**WHAT YOU NEED TO DO**
Reproduce every record below exactly, without the pictures.

**RECORDS PROVIDED**

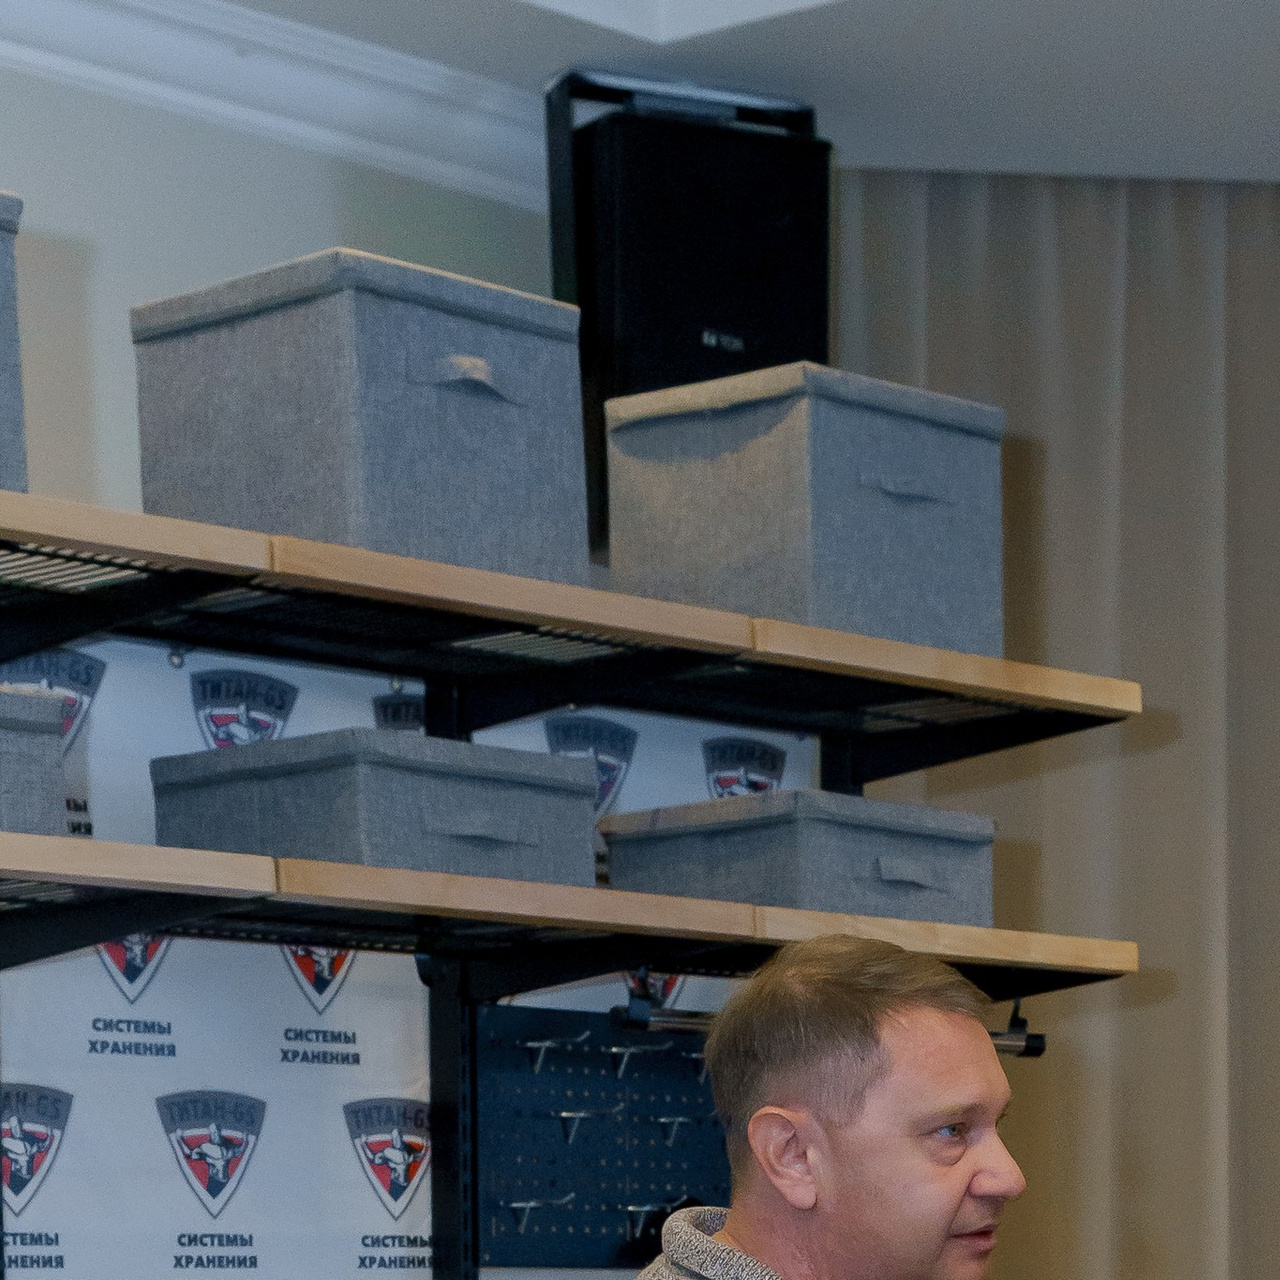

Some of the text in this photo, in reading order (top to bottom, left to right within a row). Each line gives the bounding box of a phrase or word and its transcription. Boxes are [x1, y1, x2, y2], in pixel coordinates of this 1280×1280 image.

[92, 1018, 171, 1035] СИСТЕМЫ
[284, 1028, 357, 1044] СИСТЕМЫ
[89, 1040, 176, 1057] ХРАНЕНИЯ
[280, 1048, 360, 1065] ХРАНЕНИЯ
[163, 1100, 257, 1128] ТИТАН-GS
[2, 1232, 59, 1247] СТЕМЫ
[177, 1233, 253, 1247] СИСТЕМЫ
[5, 1255, 64, 1269] НЕНИЯ
[173, 1254, 258, 1269] ХРАНЕНИЯ

**REPLY**
Some of the text in this photo, in reading order (top to bottom, left to right within a row). Each line gives the bounding box of a phrase or word and its transcription. Boxes are [x1, y1, x2, y2], in pixel coordinates of this 1280×1280 image.

[92, 1018, 171, 1035] СИСТЕМЫ
[284, 1028, 357, 1044] СИСТЕМЫ
[89, 1040, 176, 1057] ХРАНЕНИЯ
[280, 1048, 360, 1065] ХРАНЕНИЯ
[163, 1100, 257, 1128] ТИТАН-GS
[2, 1232, 59, 1247] СТЕМЫ
[177, 1233, 253, 1247] СИСТЕМЫ
[5, 1255, 64, 1269] НЕНИЯ
[173, 1254, 258, 1269] ХРАНЕНИЯ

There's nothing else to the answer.